Partly the problem is having too many sources of information and being unable to winnow the relevant information. Sometimes postings on user forums are just not relevant. Sometimes you just lack enough information or smarts to understand the answer when it is staring right at you. Yes, I admit it: personal stupidity is often the primary barrier to a solution.
Describing the Problem: A Messy OCR Conversion
Recently I have been using a book scanner (CZUR ET18Pro) which scans the page and then uses the Abby Finereader engine (but NOT the actual software) to handle OCR conversions. It generally works great for books, but not great for scans of journal articles apparently. The scan can be converted into text pretty accurately, but you have two more issues: First, CZUR puts the text content for each page into a separate frame object. Second, some pages (such as pages of a journal) don’t have enough spaces between paragraphs, causing CZUR to insert paragraph marks at the end of EVERY line. (So if a paragraph has 6 different lines, instead of having 1 paragraph mark at the end, it has 6 different paragraph marks).

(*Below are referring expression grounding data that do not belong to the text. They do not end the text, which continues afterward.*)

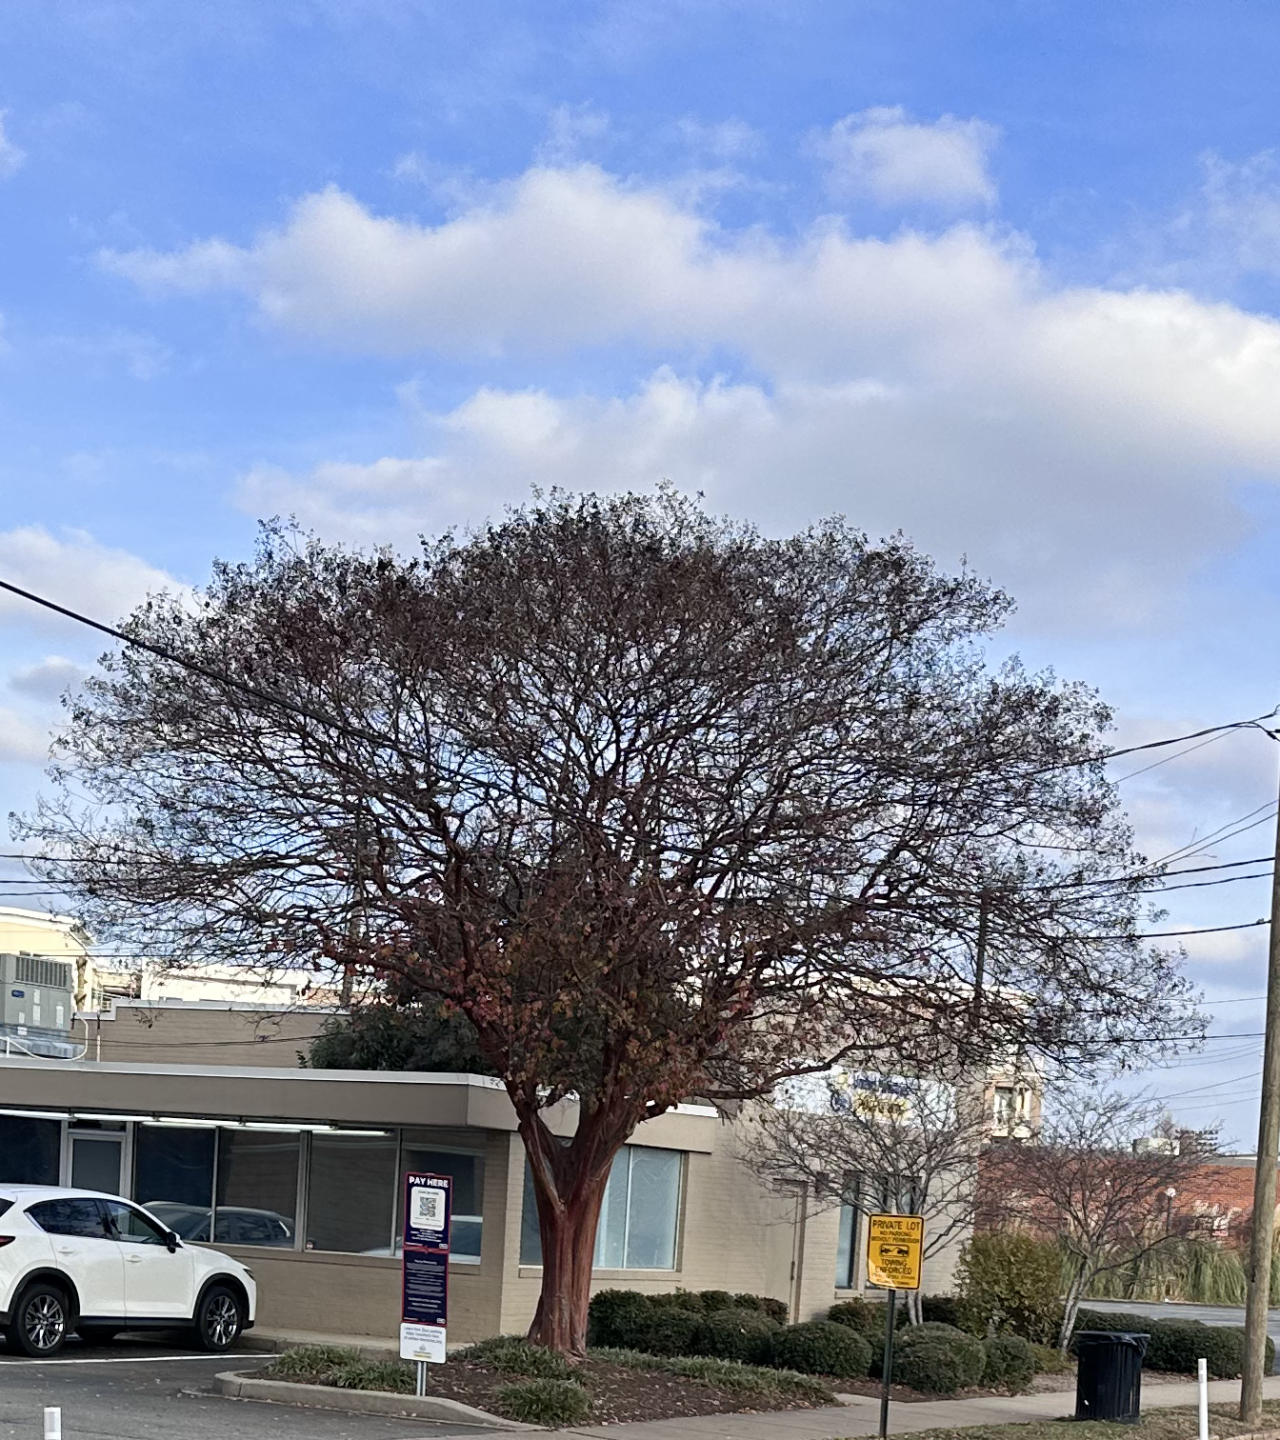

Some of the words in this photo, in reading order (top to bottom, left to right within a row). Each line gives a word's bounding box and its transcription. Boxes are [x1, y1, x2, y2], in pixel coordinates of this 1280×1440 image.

[409, 1176, 426, 1185] PAY
[427, 1178, 449, 1188] HERE
[873, 1220, 903, 1230] PRIVATE
[906, 1221, 920, 1231] LOT
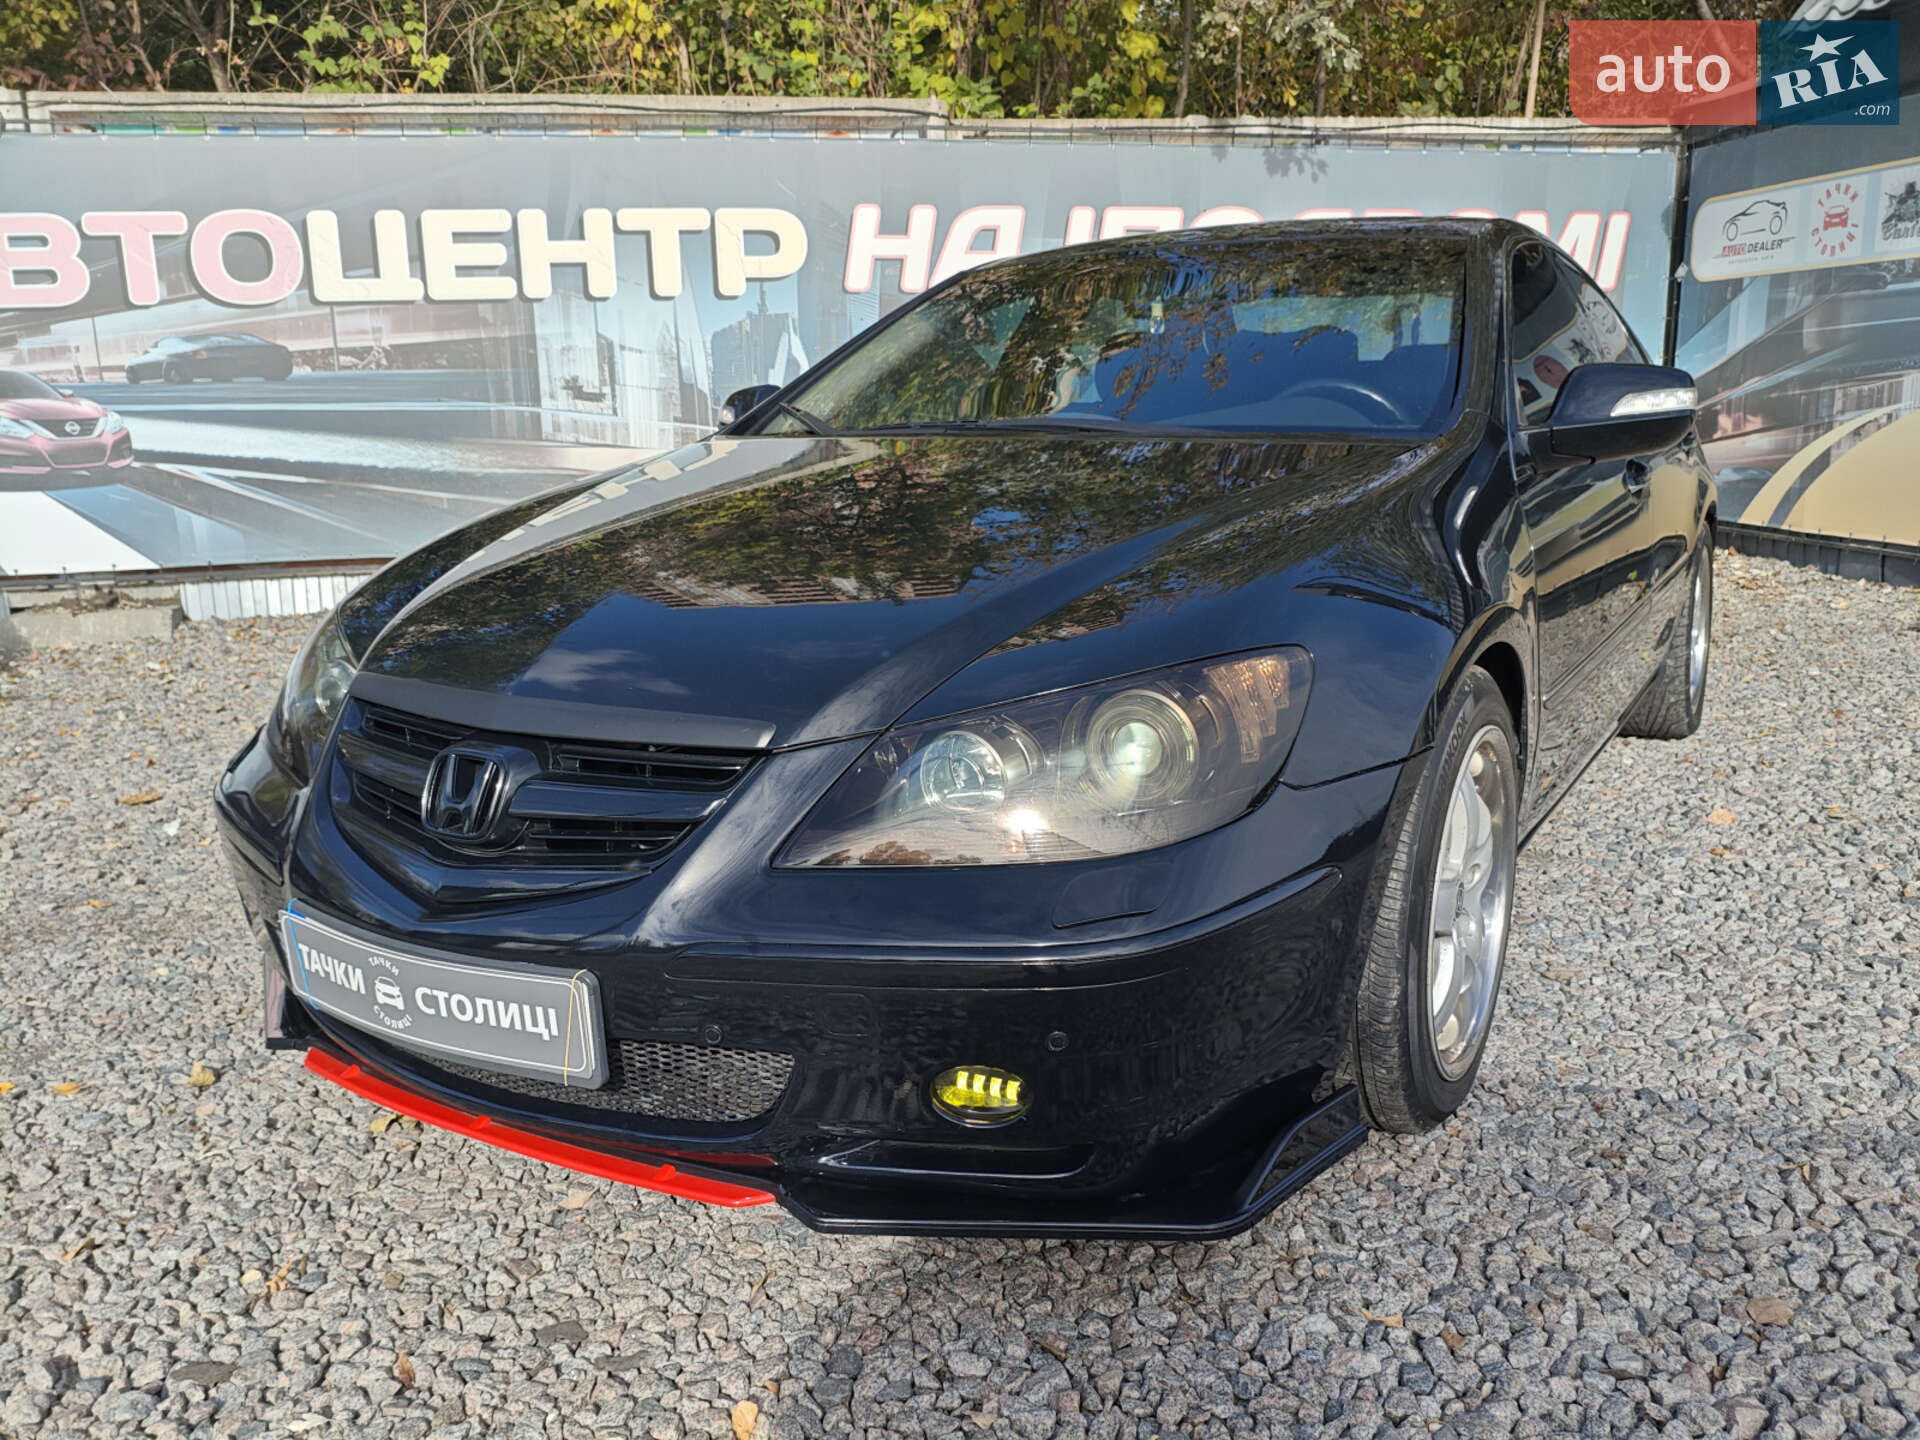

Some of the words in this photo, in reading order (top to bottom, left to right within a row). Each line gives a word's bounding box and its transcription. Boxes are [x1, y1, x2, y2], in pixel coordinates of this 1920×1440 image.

[1747, 239, 1783, 253] DEALER
[368, 955, 400, 977] ТАЧКИ
[298, 942, 367, 994] ТАЧКИ
[414, 986, 560, 1041] СТОЛИЦІ

About the frames problem, I was quickly able to find a solution from the search engines. You could manually remove each frame or you could run a simple VB script to globally remove these frames using (like here or here) .
The second problem — paragraph marks after every line of text is a pretty hard one. I spent days figuring it out. I have two possible solutions: either I manually adjust all the line breaks or I must come up with a way to clean up these OCR documents.
Manually adjusting the line breaks is tedious, but not terribly hard. I just have lots of pages to do; ideally I would have a way to globally clean up these documents with MS Word’s Find and Replace. I’ve certainly used Find and Replace for documentations — even for complex substitutions. But I need to write some find/replaces that won’t cause any further damage and do it in a way that is easy to repeat.
Ultimately I know that I’m going to have to search for a single paragraph mark and replace it with nothing. That is the Big Substitution — and also the potentially most destructive. The trick is protecting the paragraph marks which you want to be there. But how? You should convert these instances to a temporary value which are immune to the Big Substitution — and then after the substitutions are complete, you can convert this temporary value back to a good paragraph mark.
Also, the order is important. If you get the order wrong, you may create extra work.
Microsoft Office offers some powerful functionality for Search/Replace. Indeed Word offers a limited number of preset search parameters. The first question: Do I “enable wildcards” in the search box?
I quickly realized that enabling wildcards offered more options for text processing. It included a lot of syntax for regular expressions. It still is complicated to write your strings to replace, but the big stumbling block is: how do you search for paragraph marks when wildcards are enabled?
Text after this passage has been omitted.